No to both. "To recover damages for legal malpractice, a [*2]plaintiff must demonstrate that the attorney defendant " ’failed to exercise the ordinary reasonable skill and knowledge commonly possessed by a member of the legal profession’ and that the attorney’s breach of this duty proximately caused plaintiff to sustain actual and ascertainable damages" (Rudolf v Shayne, Dachs, Stanisci, Corker & Sauer, 8 NY3d 438, 442 [2007]). "To establish causation, a plaintiff must show that he or she would have prevailed in the underlying action or would not have incurred any damages, but for the lawyer’s negligence" (id.). The court below granted defendants’ motions for summary judgment, finding the "but for" element lacking because plaintiff would not have prevailed in the underlying article 78 proceeding. We agree.

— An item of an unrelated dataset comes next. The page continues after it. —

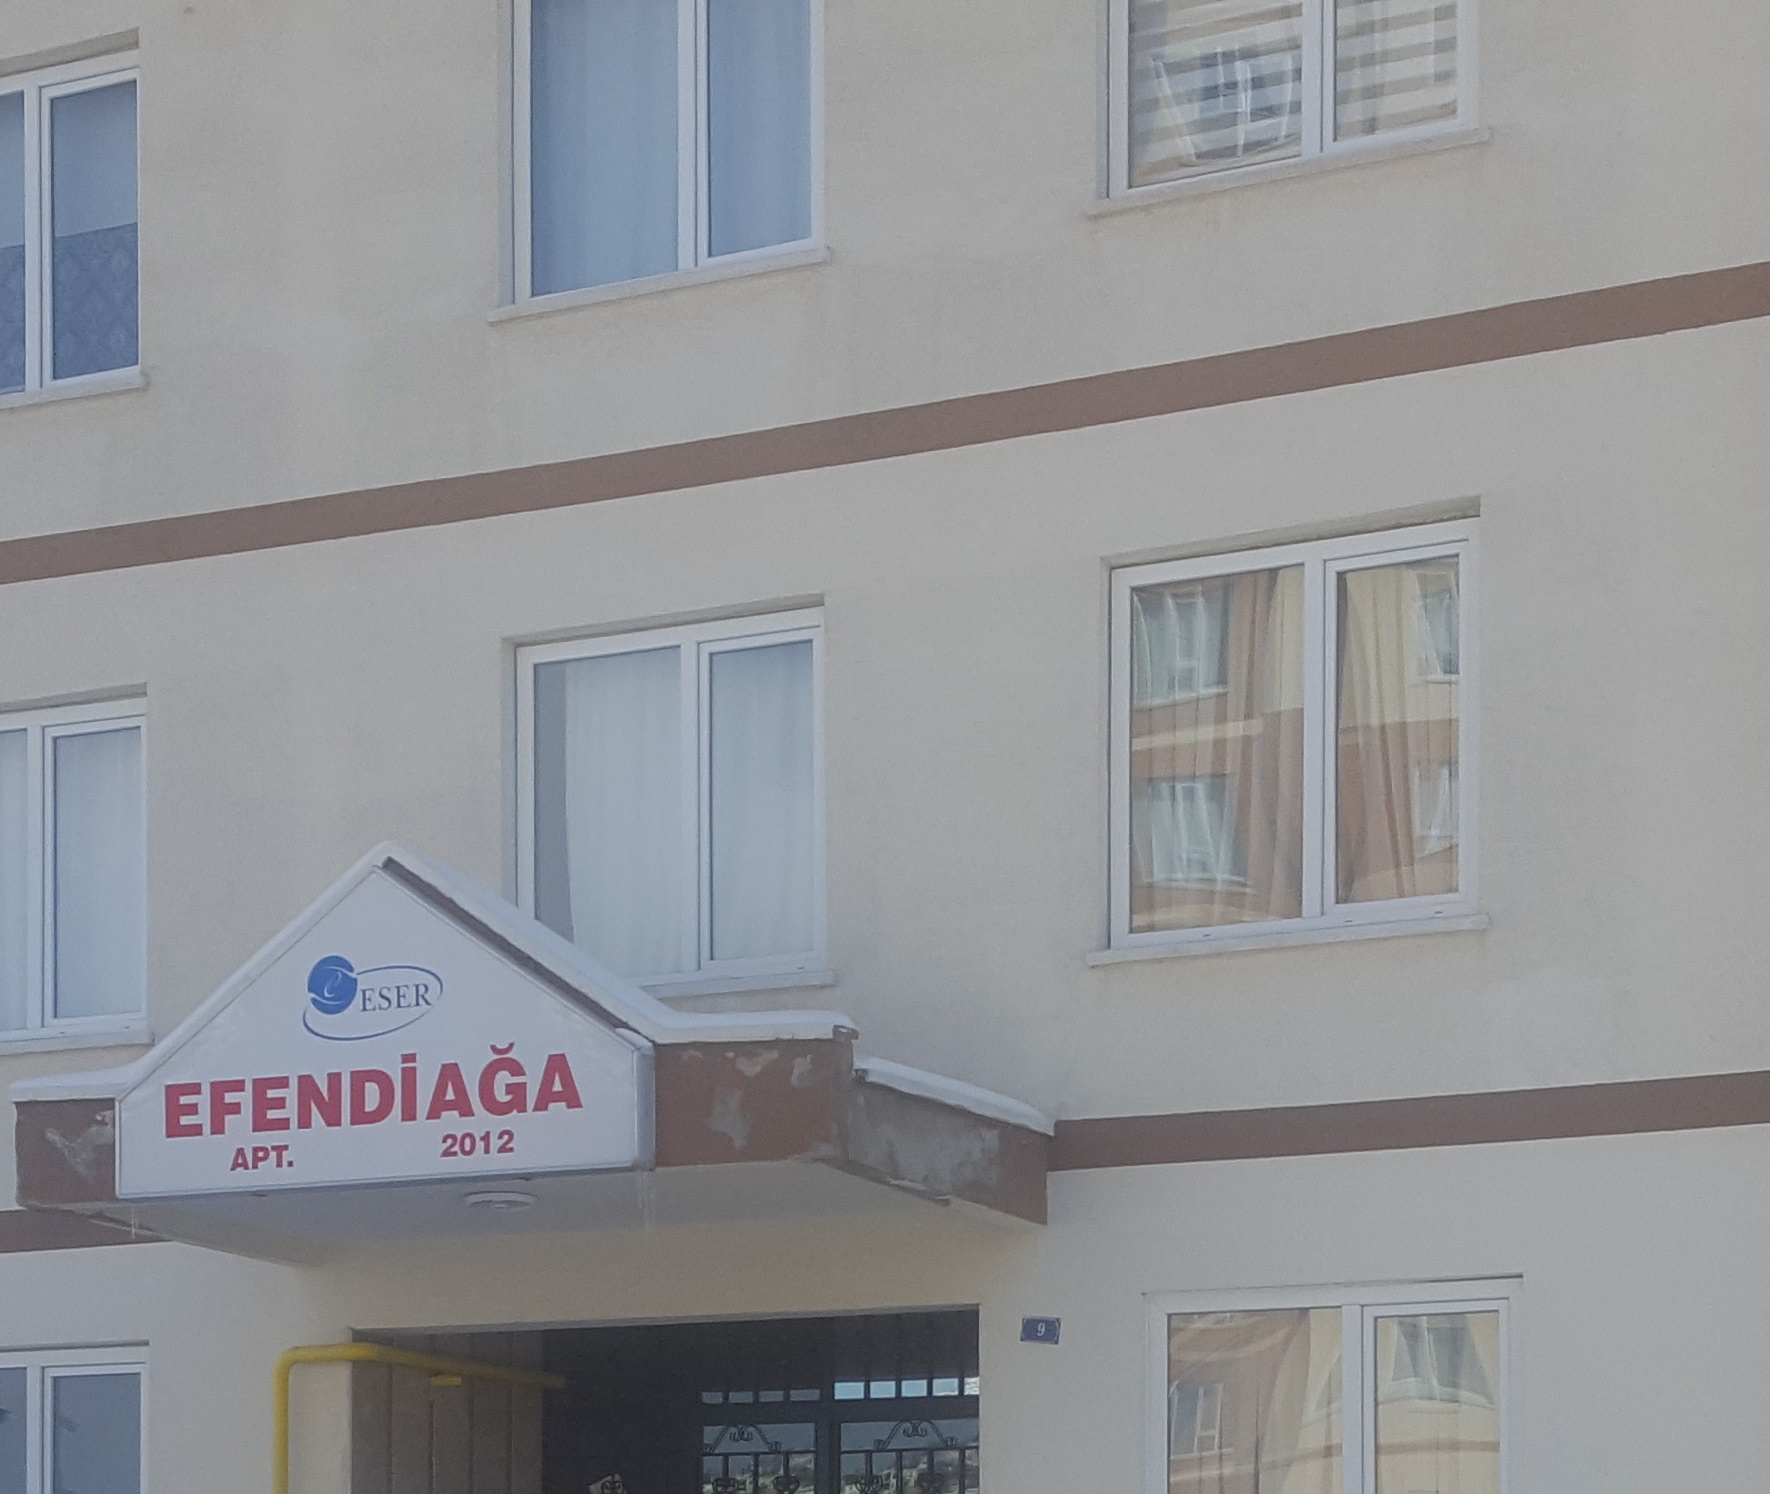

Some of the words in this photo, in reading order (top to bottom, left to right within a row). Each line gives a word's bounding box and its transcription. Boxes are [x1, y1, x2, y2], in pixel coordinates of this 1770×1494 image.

The giving of false statements in the course of an official investigation has been upheld as a ground for dismissal from municipal employment (see Matter of Duncan v Kelly, 9 Misc 3d 1115[A], 2005 NY Slip Op 51558[U] [Sup Ct, NY County 2005] [also involved a GO-15 interview], affd 43 AD3d 297 [1st Dept 2007], affd 9 NY3d 1024 [2008]; see also Matter of Loscuito v Scoppetta, 50 AD3d 905 [2d Dept 2008], lv denied 13 NY3d 716 [2010]). There is no merit to plaintiff’s argument that the state of the law in 2000, when the article 78 proceeding was brought, would have dictated a different result (see e.g. Matter of Swinton v Safir, 93 NY2d 758, 763 [1999] [dishonest statements to police department investigators constituted an independent basis for dismissal]).
The cause of action based on Judiciary Law § 487 was properly dismissed inasmuch as the record does not establish a "chronic and extreme pattern of legal delinquency" (Kinberg v Opinsky, 51 AD3d 548, 549 [1st Dept 2008] [internal quotation marks omitted]). The breach of contract cause of action, which is based on defendants’ alleged failure to represent plaintiff in a professional manner, was also properly dismissed. A breach of contract claim premised on an attorney’s failure to exercise due care or to abide by general professional standards is nothing more than a malpractice claim (Sage Realty Corp. v Proskauer Rose, 251 AD2d 35, 38-39 [1st Dept 1998]).